Hook: Young, searching and stressed — why clinicians must treat faith as clinical data

Many clinicians and caregivers tell us they feel unprepared when a millennial or young adult in their care announces a sudden interest in religion: Is this healthy exploration, a coping mechanism, or a red flag for social isolation or coercion? As Lamorna Ash’s public journey from agnosticism to attending Quaker silence and Anglican worship illustrates, faith exploration is seldom a straight line. It can be a source of meaning and social support — and at times a driver of identity conflict and distress. In 2026, understanding the intersections of faith and mental health among young adults is no longer optional for quality care.

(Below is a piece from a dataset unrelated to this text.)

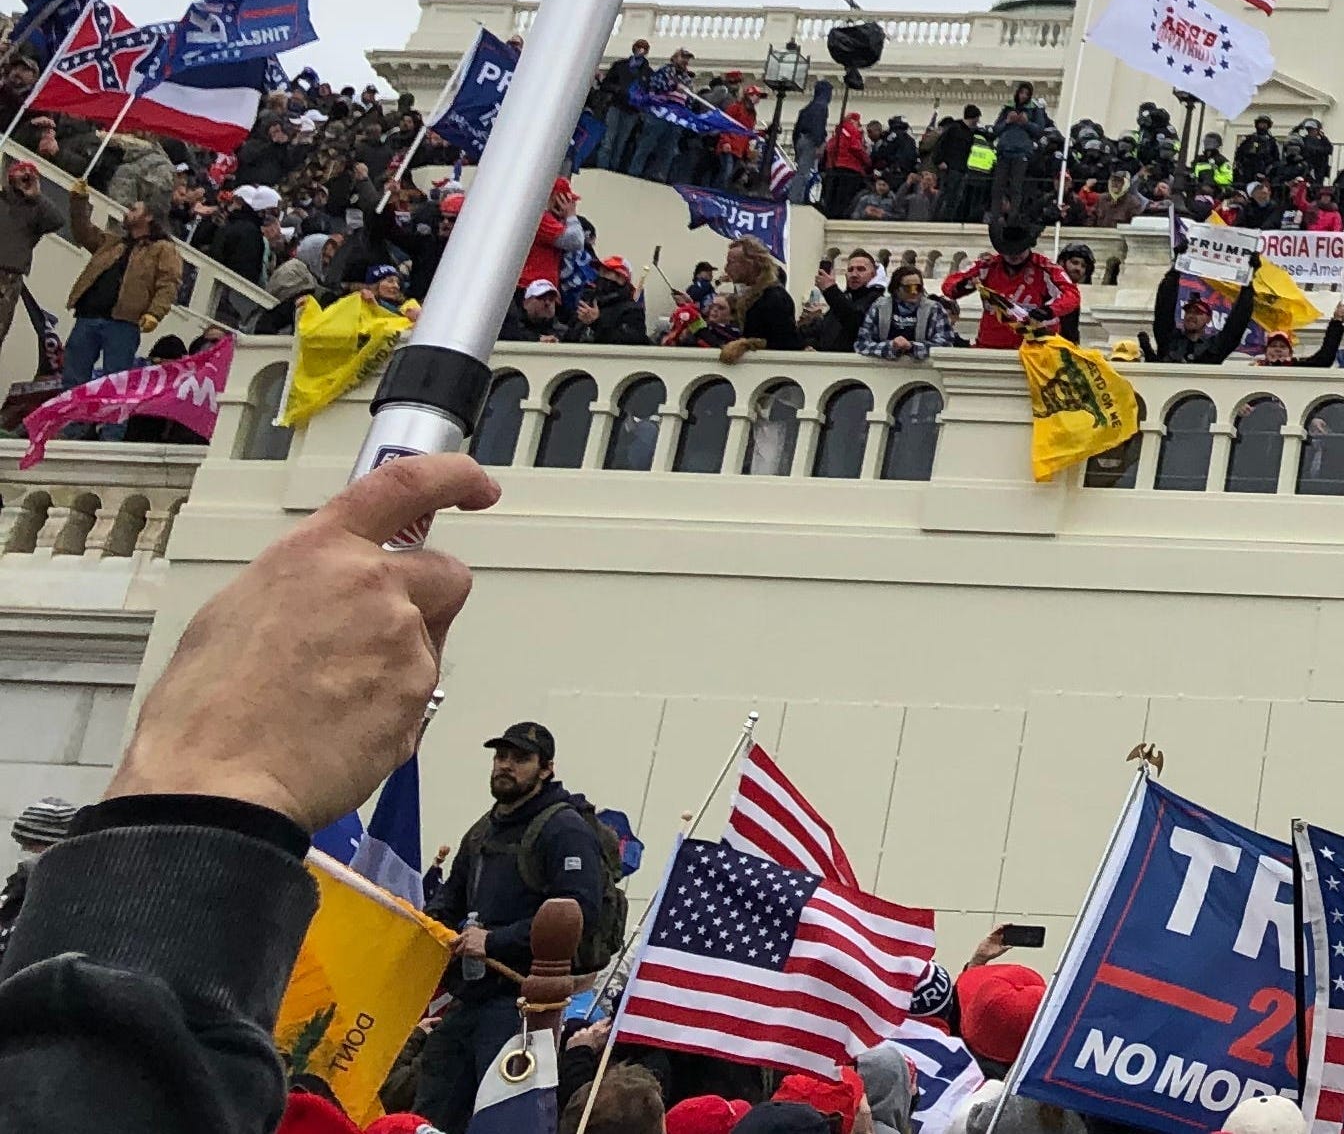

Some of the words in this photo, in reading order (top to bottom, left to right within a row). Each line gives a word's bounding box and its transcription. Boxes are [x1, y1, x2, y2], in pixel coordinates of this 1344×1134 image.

[1188, 236, 1254, 258] TRUMP
[1189, 247, 1244, 264] PENCE
[1165, 825, 1309, 976] TR
[1074, 1028, 1157, 1086] NO

The context: Why faith exploration among young adults matters now

Lamorna Ash — a 31-year-old writer whose 2025 book, Don’t Forget We’re Here Forever, chronicled her reporting on conversions and curiosity about Christianity — is one visible example of a wider cultural movement. After years of surveys indicating rising “spiritual but not religious” identification, late 2024–2025 saw a notable uptick in organized religious interest among some millennials and older Gen Zers. By early 2026 clinicians report more patients describing active exploration of religious communities, ritual practices, and contemplative traditions.

Why now? A few converging trends shape this landscape:

  • Post-pandemic shifts: isolation, economic insecurity, and collective trauma prompted renewed searches for meaning and stable social networks.
  • Digital faith ecosystems: social media, podcasts, and online worship lowered barriers to sampling different traditions.
  • Visible public stories — writers like Ash traveling between Quaker meetings and Anglican services — normalized non-linear spiritual journeys.
  • Growing clinical attention to spiritual well-being: by 2025–2026 many behavioral health programs integrated chaplaincy, telechaplaincy, and spiritual screening into routine care.

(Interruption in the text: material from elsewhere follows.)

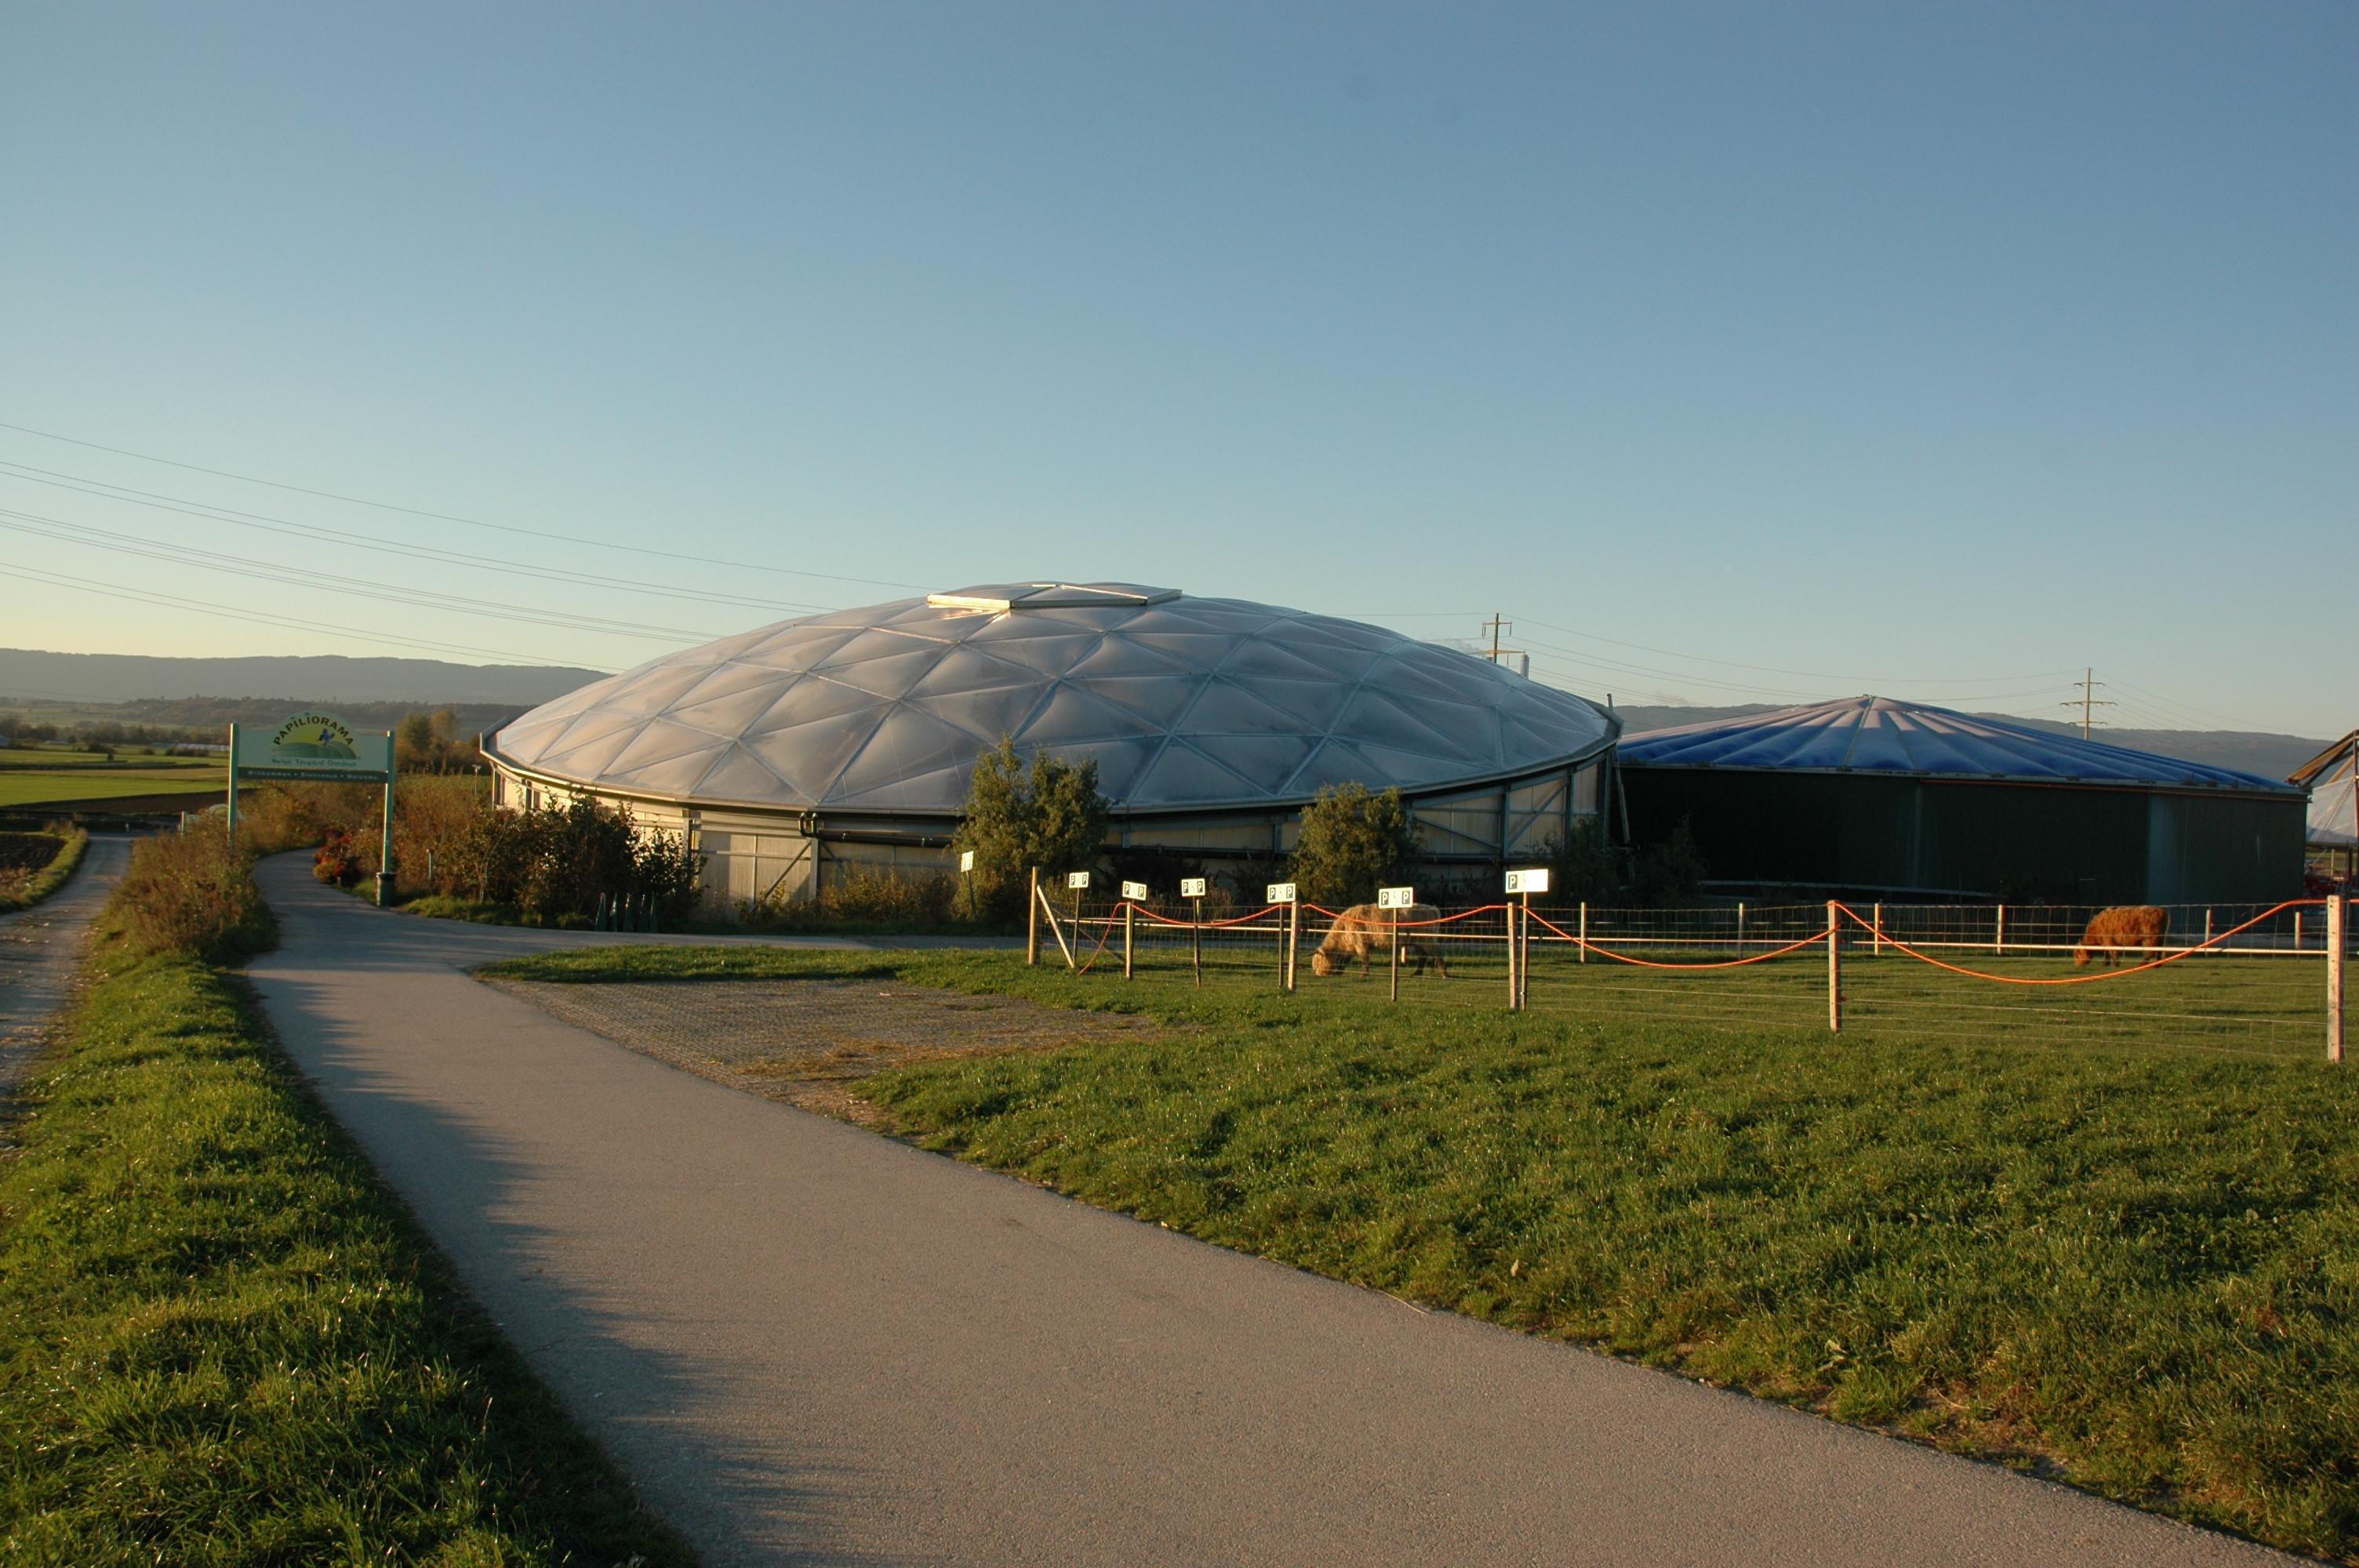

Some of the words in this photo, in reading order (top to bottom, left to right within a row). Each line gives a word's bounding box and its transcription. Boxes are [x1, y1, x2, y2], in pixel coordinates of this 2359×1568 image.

What Lamorna Ash’s experience reveals about young adult faith exploration

Ash’s reporting and personal experimentations offer a compact case study in how faith exploration can affect mental health:

  • Fluid identity navigation: Ash oscillated between traditions (Quaker silence, Anglican liturgy), illustrating that young adults often adopt a pluralistic approach. This flexibility can bolster identity experimentation but may also amplify uncertainty.
  • Social reconfiguration: Moving between communities reshapes support networks. Ash found warmth in intergenerational Quaker groups and structure in Anglican worship — each fulfilling different social and emotional needs.
  • Meaning-making as coping: Rituals and contemplative practices provided forms of consolation and cognitive reframing that clinicians recognize as adaptive coping strategies.
  • Intersectional stressors: Ash’s openness about bisexuality highlights a central clinical consideration: faith communities are not uniformly safe. The fit between personal identity and community norms crucially determines whether religious involvement is salutary or harmful.

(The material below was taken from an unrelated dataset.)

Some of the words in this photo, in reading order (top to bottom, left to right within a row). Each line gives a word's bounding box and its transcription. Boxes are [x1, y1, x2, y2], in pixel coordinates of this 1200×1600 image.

Multiple lines of research across the past decade show associations (not uniform causality) between spiritual well-being and mental health outcomes in young adults. Spiritual resources can correlate with:

  • Reduced perceived loneliness and greater social support
  • Improved coping with grief, existential distress, and moral injury
  • Enhanced meaning and purpose scores on validated instruments

However, clinicians must also recognize harms: certain religious involvement can increase guilt, shame, or minority stress (particularly for LGBTQ+ young adults), and some communities may normalize avoiding mental health care.

Practical clinical takeaways: How to assess and integrate faith into care

Below are practical steps clinicians and caregivers can adopt immediately. These are designed to be trauma-informed, non-proselytizing, and patient-centered.

1. Normalize and screen

  • Open the door: Include a brief spiritual-health question on intake forms (e.g., "Do religious or spiritual beliefs play a role in your life? If yes, how?").
  • Use brief validated screens when appropriate — for example, the FICA (Faith, Importance, Community, Address) or HOPE framework — to structure a short assessment in under five minutes.
  • Ask about both resources and risks: explore community support, rituals, and any experiences of exclusion or coercion.
  • Explore how faith practices function: Are they frameworks for meaning-making, sources of calm (prayer/meditation), or primarily social support?
  • Ask concrete questions: "What do you do spiritually when you feel overwhelmed?" "Who do you turn to in your faith community when you’re stressed?"

3. Collaborate with spiritual care providers

  • Establish referral pathways with local faith leaders who are known to be inclusive and trained to collaborate with medical teams.
  • Where available, integrate chaplaincy into outpatient or telehealth services — telechaplaincy expanded substantially in 2025–2026 and can reach young adults who prefer digital access.

4. Weave faith into treatment goals — when the patient wants it

  • Behavioral activation can honor faith: suggest community-based activities at church groups, meditation circles, or service projects aligned with the patient’s beliefs.
  • Integrate faith-consistent cognitive reframing: identify scripture or spiritual teachings the patient finds comforting and use them as material to reappraise negative thoughts (with explicit consent).

5. Guard against harm and protect identity

  • Screen for religious trauma and coercion: ask about pressure to conform, punitive theology, or threats to personal safety.
  • For LGBTQ+ patients, explicitly assess the community’s stance on sexual and gender identities and be prepared with alternative affirming faith communities or secular support.

6. Document respectfully

  • Record spiritual history as clinical data: what the patient values, how faith affects behavior, and any community supports or harms.
  • Maintain confidentiality and avoid moral judgments in notes.

Advice for caregivers and family: Supporting a loved one who is spiritually searching

Caregivers often feel uncertain: when to encourage exploration, when to be worried. Use these practical strategies:

  • Listen, don’t fix: Ask open questions: "What draws you to this community?" "How does this help you feel better?"
  • Prioritize safety: If the community isolates your loved one from other support, or if you see signs of coercion, seek professional advice.
  • Encourage plural social ties: Support your loved one in keeping friendships and activities outside the faith group to prevent social capture.
  • Find affirming communities: If identity conflict exists, help locate faith communities or counselors known for inclusivity.
  • Support help-seeking: Normalizing psychotherapy and psychotropic treatments alongside spiritual practices reduces false dichotomies between religion and mental health care.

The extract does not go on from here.